An eerie feeling enveloped him a few seconds later. His sapphire eyes scanned his surroundings, looking for the cause of the sensation.
Approximately twenty yards to his left, Caleb saw something that caught his attention. It appeared to be a longsword that was stuck in the ground. Even from that distance, he could see that the pommel was unmarked and the guard was curved slightly. That was not the most peculiar thing about it though.
It was almost completely transparent.
That was when things became even stranger.
A ghost-like figure wearing a hooded cloak appeared a few yards away from the sword on the other side.
The hooded cloak that the figure wore was not quite transparent. It was dark and murky, as capable of concealing the specter’s appearance as a real cloak.
Peering forward carefully, Caleb saw the figure stop as it reached the sword. Its spectral fingers closed around the hilt, and it pulled it free from the ground.
As suddenly as the figure and the sword appeared, they were gone without a trace.

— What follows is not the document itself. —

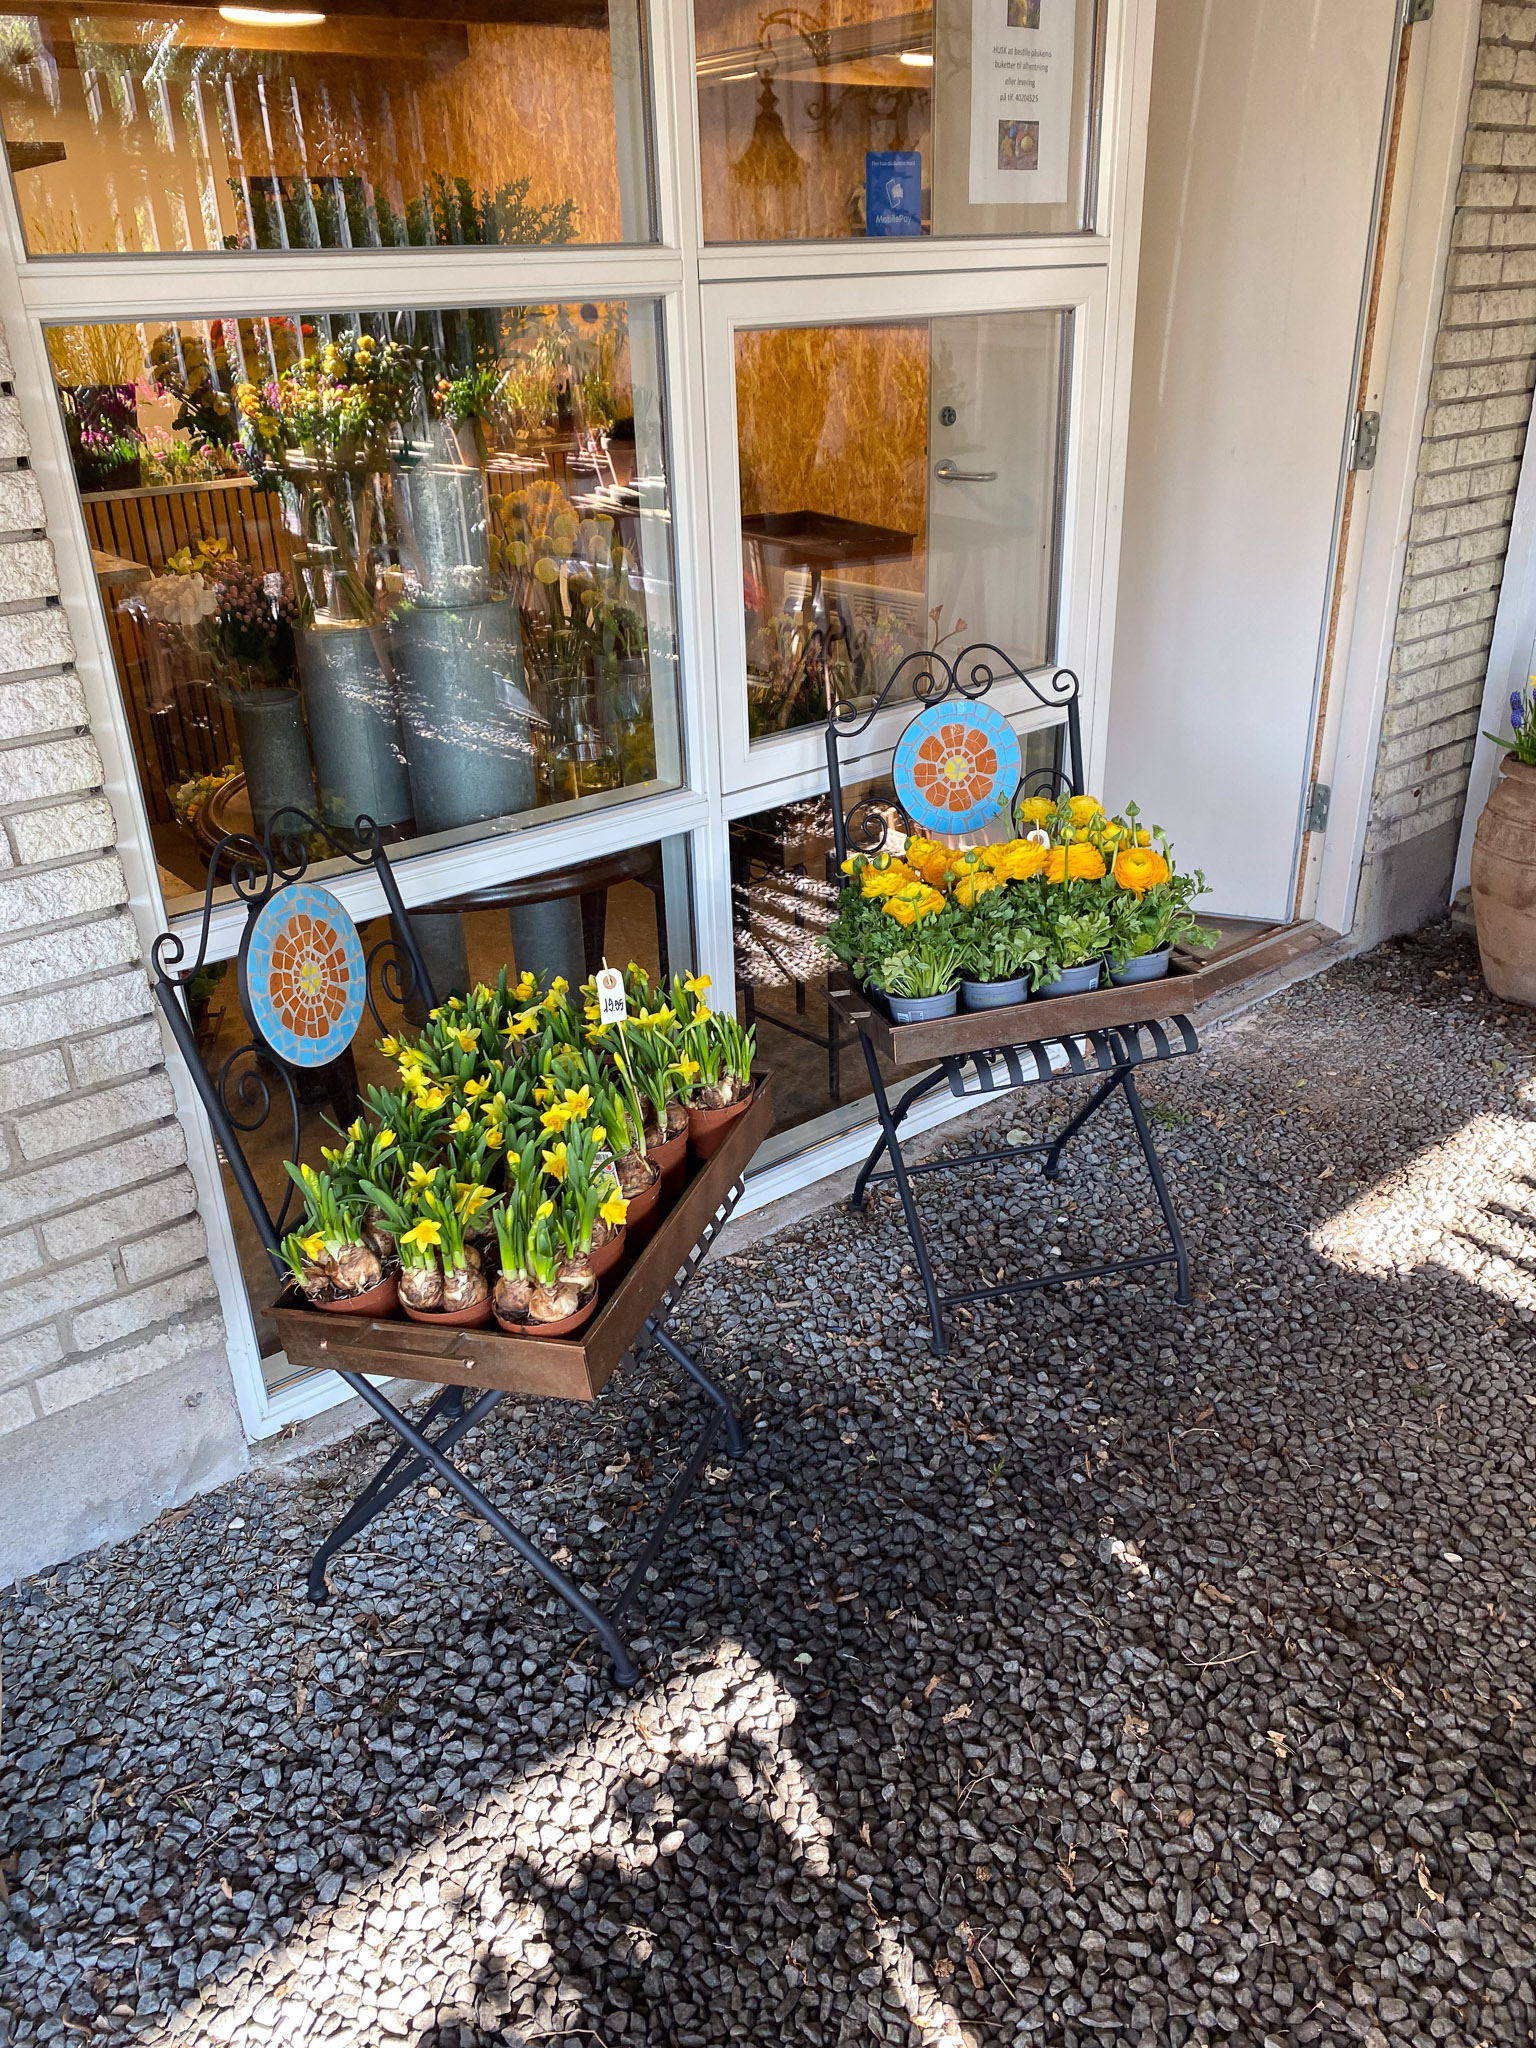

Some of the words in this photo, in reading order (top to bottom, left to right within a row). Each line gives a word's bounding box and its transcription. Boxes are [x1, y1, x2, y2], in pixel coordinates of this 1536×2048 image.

As the sword and the specter disappeared, he felt his pain completely subside.
I don’t feel so good… Caleb thought as he slowly rose to his feet. Without the pain, he had though he would be fine, but it was almost as if he had grown ill suddenly. What in the world is going on?
Shaking his head, he once again began to make his way to his camp. The entire time, he could not help but try to figure out what the spectral images that he saw were. It seemed that he would not receive an answer anytime soon, much to his dismay.
* * * * *
A short time later, Caleb reached his camp. It was really just a bedroll, his pack, and a stack of wood that could be used to set up a campfire, but it was good enough for the trip.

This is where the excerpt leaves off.